Source code for MDAnalysis.core.topology
# -*- Mode: python; tab-width: 4; indent-tabs-mode:nil; coding:utf-8 -*-
# vim: tabstop=4 expandtab shiftwidth=4 softtabstop=4 fileencoding=utf-8
#
# MDAnalysis --- https://www.mdanalysis.org
# Copyright (c) 2006-2017 The MDAnalysis Development Team and contributors
# (see the file AUTHORS for the full list of names)
#
# Released under the Lesser GNU Public Licence, v2.1 or any higher version
#
# Please cite your use of MDAnalysis in published work:
#
# R. J. Gowers, M. Linke, J. Barnoud, T. J. E. Reddy, M. N. Melo, S. L. Seyler,
# D. L. Dotson, J. Domanski, S. Buchoux, I. M. Kenney, and O. Beckstein.
# MDAnalysis: A Python package for the rapid analysis of molecular dynamics
# simulations. In S. Benthall and S. Rostrup editors, Proceedings of the 15th
# Python in Science Conference, pages 102-109, Austin, TX, 2016. SciPy.
# doi: 10.25080/majora-629e541a-00e
#
# N. Michaud-Agrawal, E. J. Denning, T. B. Woolf, and O. Beckstein.
# MDAnalysis: A Toolkit for the Analysis of Molecular Dynamics Simulations.

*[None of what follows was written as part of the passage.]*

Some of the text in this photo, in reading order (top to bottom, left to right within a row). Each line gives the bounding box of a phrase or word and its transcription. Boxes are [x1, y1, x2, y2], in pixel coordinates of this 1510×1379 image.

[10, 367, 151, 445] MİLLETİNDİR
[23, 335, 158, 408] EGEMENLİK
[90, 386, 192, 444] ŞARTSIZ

# J. Comput. Chem. 32 (2011), 2319--2327, doi:10.1002/jcc.21787
#
"""\
Core Topology object --- :mod:`MDAnalysis.core.topology`
========================================================
.. versionadded:: 0.16.0
:class:`Topology` is the core object that holds all topology information.

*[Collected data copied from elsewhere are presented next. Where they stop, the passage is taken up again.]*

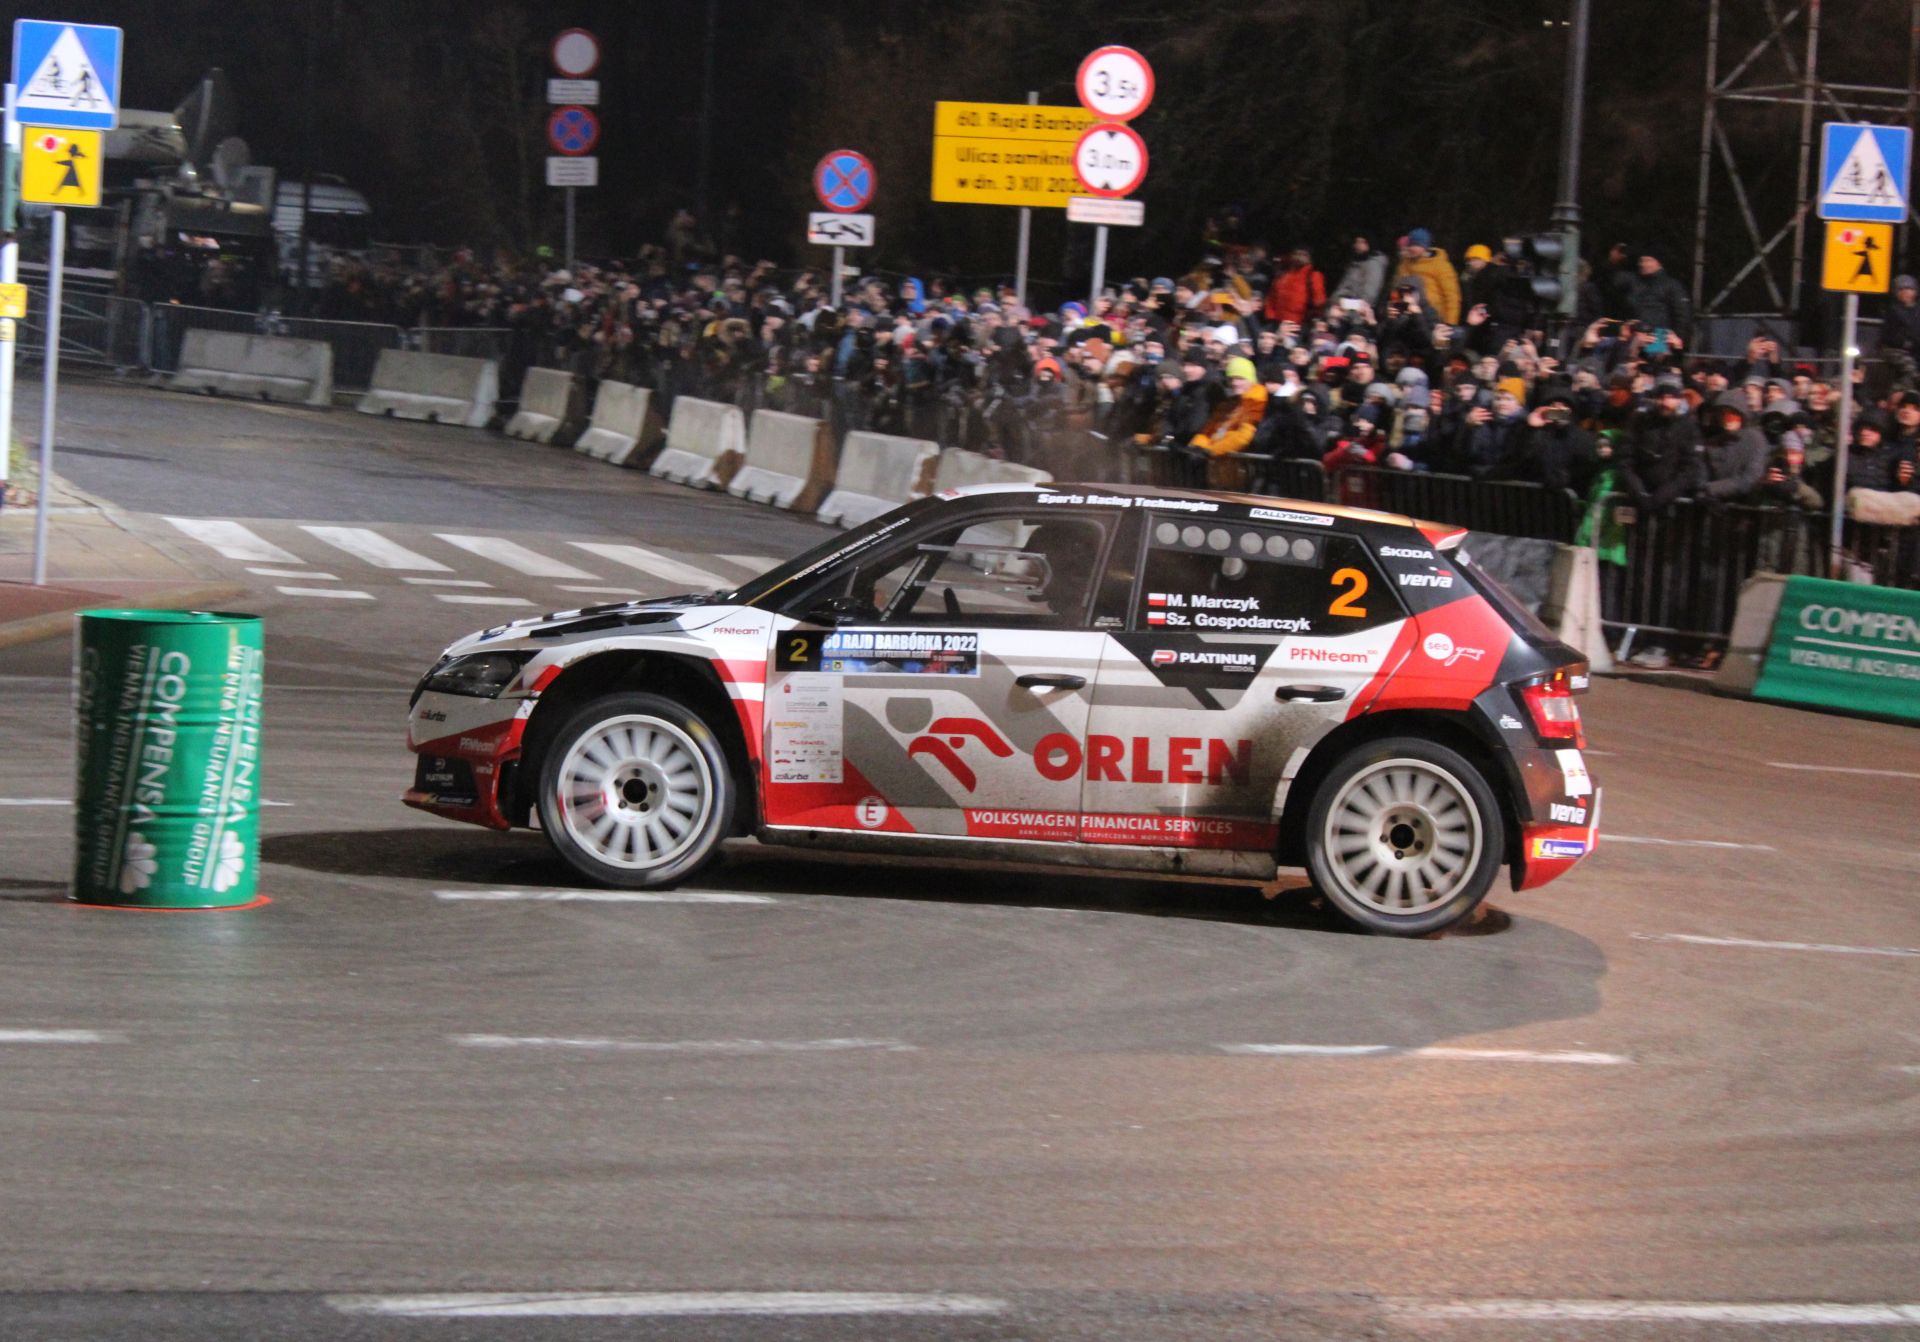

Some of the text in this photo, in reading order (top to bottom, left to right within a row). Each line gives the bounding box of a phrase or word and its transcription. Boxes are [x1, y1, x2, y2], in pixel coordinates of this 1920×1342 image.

[988, 111, 1028, 132] Rajd
[955, 147, 999, 164] Ulica
[1005, 175, 1016, 191] 3
[1048, 177, 1092, 194] 202
[1037, 493, 1220, 512] Sports Racing Technologies
[1380, 546, 1434, 560] ŠKODA
[1399, 573, 1454, 588] verva
[1167, 594, 1260, 611] M. Marczyk
[1328, 567, 1369, 618] 2
[1166, 612, 1311, 632] Sz. Gospodarczyk
[789, 638, 808, 662] 2
[842, 634, 873, 650] RAJD
[875, 632, 942, 650] BARBÓRKA
[944, 635, 977, 651] 2022
[1290, 647, 1368, 664] PFNteam
[1180, 652, 1257, 666] PLATINUM
[130, 651, 191, 823] COMPENSA
[225, 649, 263, 824] COMPENSA
[198, 715, 234, 818] INSURANCE
[1033, 732, 1254, 786] ORLEN
[972, 811, 1233, 834] VOLKSWAGEN FINANCIAL SERVICES
[182, 823, 211, 886] GROUP

TODO: Add in-depth discussion.
Notes
-----
For developers: In MDAnalysis 0.16.0 this new topology system was
introduced and discussed as issue `#363`_; this issue contains key
information and discussions on the new system. The issue number *363*
is also being used as a short-hand in discussions to refer to the new
topology system.
.. _`#363`: https://github.com/MDAnalysis/mdanalysis/issues/363
Classes
-------
.. autoclass:: Topology
   :members:
.. autoclass:: TransTable
   :members:
Helper functions
----------------
.. autofunction:: make_downshift_arrays
"""
import contextlib
import numpy as np
import typing
from .topologyattrs import Atomindices, Resindices, Segindices
from ..exceptions import NoDataError
[docs]
def make_downshift_arrays(upshift, nparents):
    """From an upwards translation table, create the opposite direction
    Turns a many to one mapping (eg atoms to residues) to a one to many mapping
    (residues to atoms)
    Parameters
    ----------
    upshift : array_like
        Array of integers describing which parent each item belongs to
    nparents : integer
        Total number of parents that exist.
    Returns
    -------
    downshift : array_like (dtype object)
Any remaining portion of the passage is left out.